RATING (BASED ON PERSONAL SCALE): 1.50/5 – Meh. Forgettable. → Characters blur together once I move on.
MY TAKE: REAR-BASED MESSAGING WITH REAL—BUT LIMITED—IMPACT
THOUGHTS & FEELS: I read this as a teenager, when it was still presented as a real diary, and that framing did a lot of the heavy lifting.
At the time, it felt intense and cautionary. Looking back now, it feels manipulative.
To be honest, it did make me more careful. It made me pause, think twice, and be more aware of risk. But it didn’t stop me from experimenting altogether, and I think that’s an important distinction. The book didn’t educate so much as it warned, and fear only goes so far.

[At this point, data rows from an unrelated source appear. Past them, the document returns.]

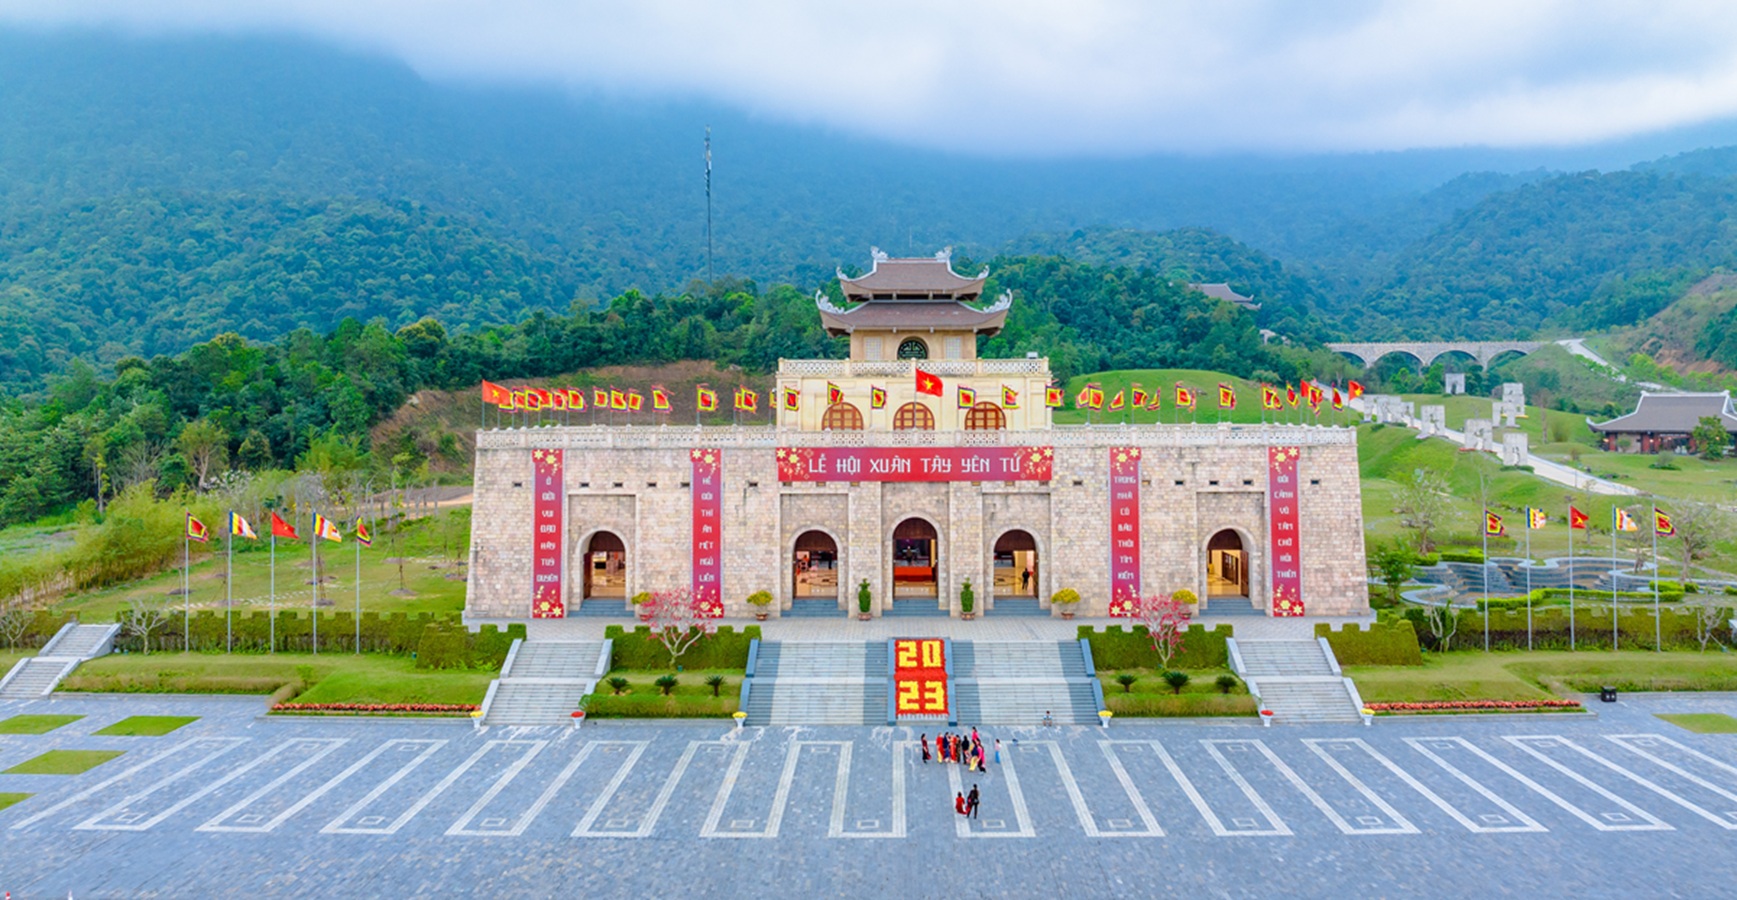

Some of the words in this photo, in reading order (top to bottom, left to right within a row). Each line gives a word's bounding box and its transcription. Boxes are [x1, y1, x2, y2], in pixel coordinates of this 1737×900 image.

[809, 453, 826, 473] LỄ
[836, 455, 860, 475] HỘI
[870, 454, 910, 472] XUÂN
[921, 454, 951, 473] TÂY
[962, 454, 989, 473] YÊN
[1000, 451, 1021, 473] TỨ
[1114, 475, 1136, 484] TRONG
[541, 509, 554, 518] VUI
[898, 640, 942, 667] 20
[899, 681, 945, 710] 23
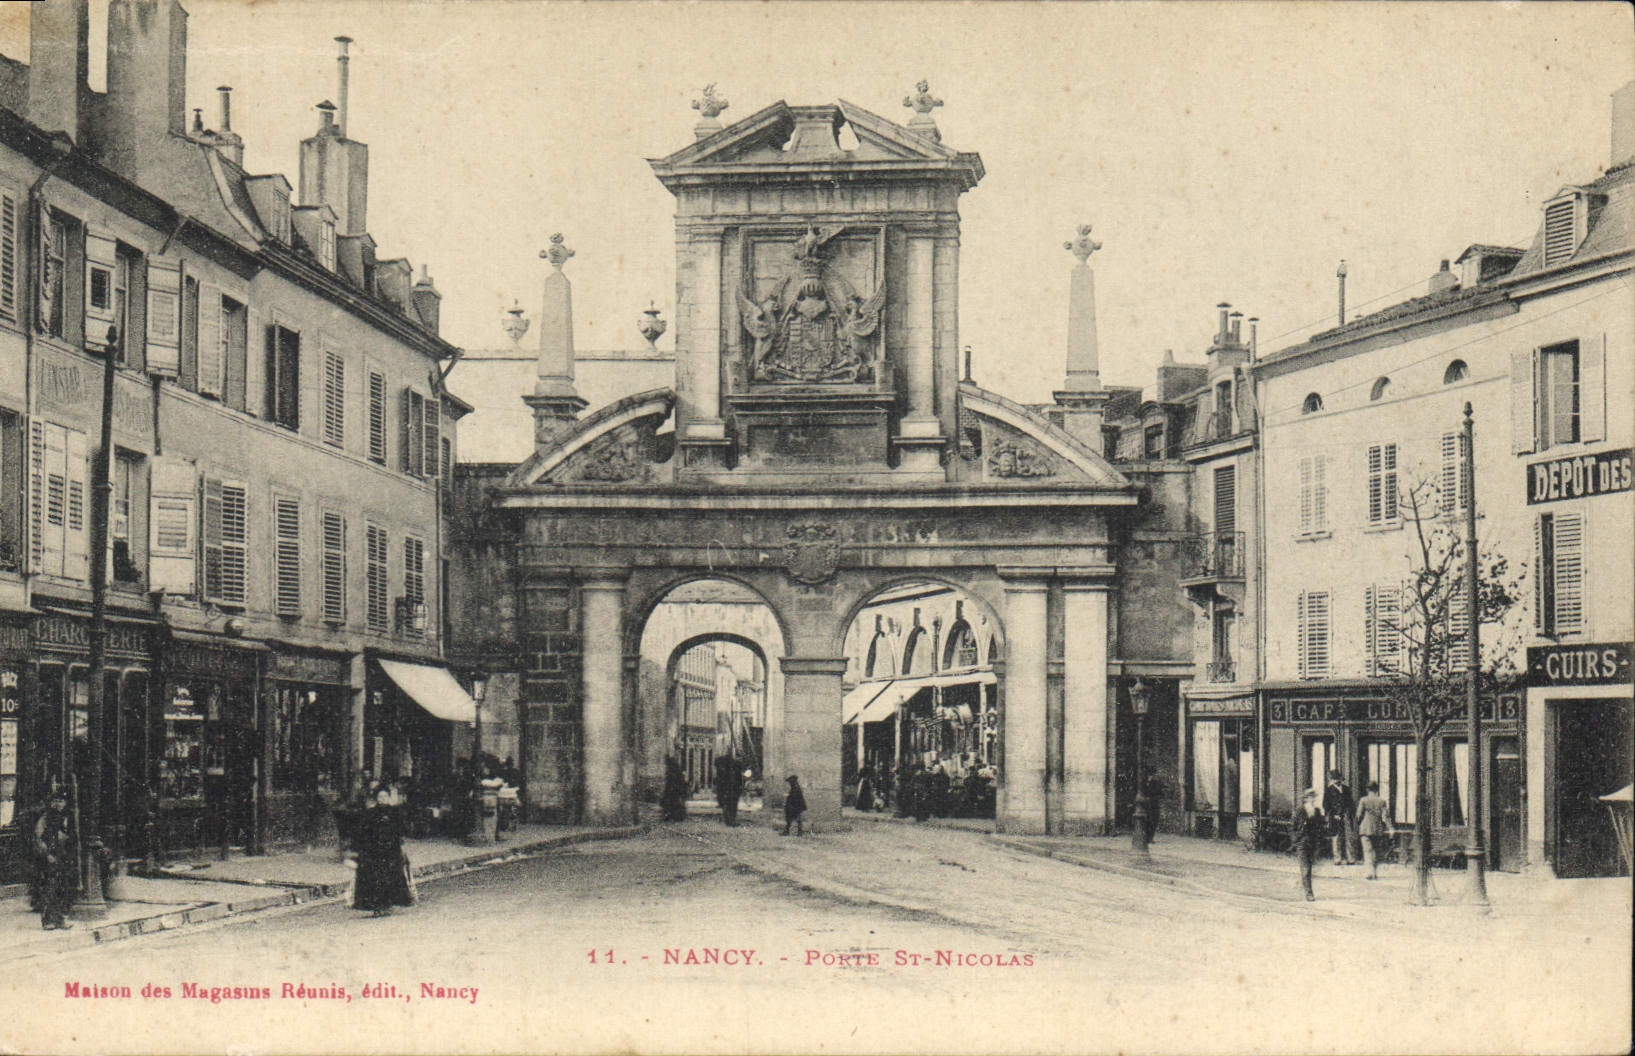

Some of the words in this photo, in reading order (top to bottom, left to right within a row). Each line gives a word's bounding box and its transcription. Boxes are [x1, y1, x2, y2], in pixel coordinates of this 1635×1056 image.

[1599, 457, 1632, 492] DES
[1546, 649, 1617, 680] CUIRS
[1505, 701, 1516, 718] 3
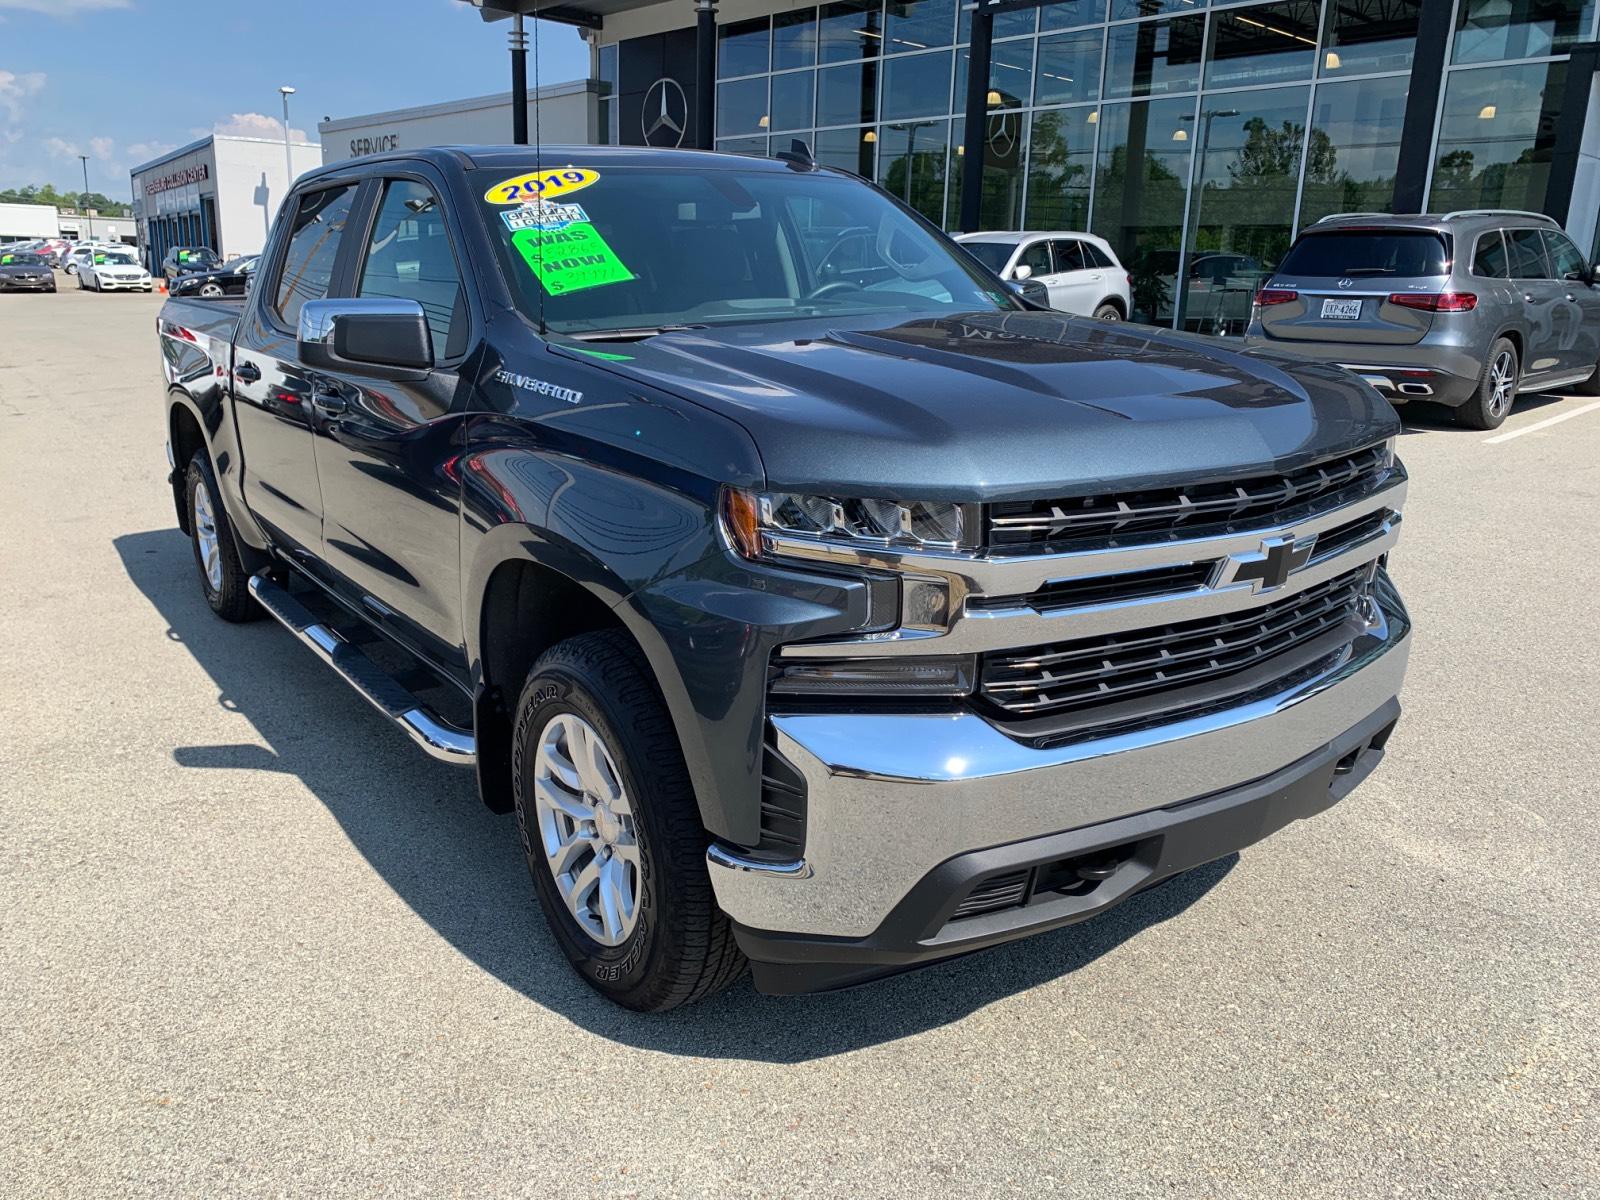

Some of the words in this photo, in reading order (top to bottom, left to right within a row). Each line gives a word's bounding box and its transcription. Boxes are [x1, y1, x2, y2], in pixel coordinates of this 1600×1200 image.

[350, 134, 398, 158] SERVICE
[501, 171, 585, 200] 2019
[507, 206, 578, 222] CARFAX
[524, 213, 582, 227] OWNER
[526, 230, 590, 248] WAS
[542, 254, 607, 273] NOW
[551, 280, 565, 291] $
[495, 369, 584, 404] SILVERADO
[512, 684, 559, 856] GOODYEAR
[595, 808, 651, 982] WRANGLER

Looking back as an adult, the lack of nuance stands out. Drug use is portrayed as an almost immediate, irreversible spiral, with little room for complexity, support, or recovery. The message feels less about understanding addiction and more about frightening teens into compliance.
Knowing now that the diary wasn’t actually written by a teenage girl, but constructed and edited by an adult with a specific agenda, reframes the entire experience. It explains the exaggeration and moral panic tone, and why the book relies on shock instead of honesty.
I don’t regret reading it when I did. It clearly had an impact. But I do question whether fear was ever the most responsible way to talk to teenagers about drugs.
BOTTOM LINE: A book that relies on fear and sensationalism rather than honesty, memorable for its impact, but troubling in how it frames addiction, youth, and truth.
Lizzyfoureyes finished reading and wrote a review...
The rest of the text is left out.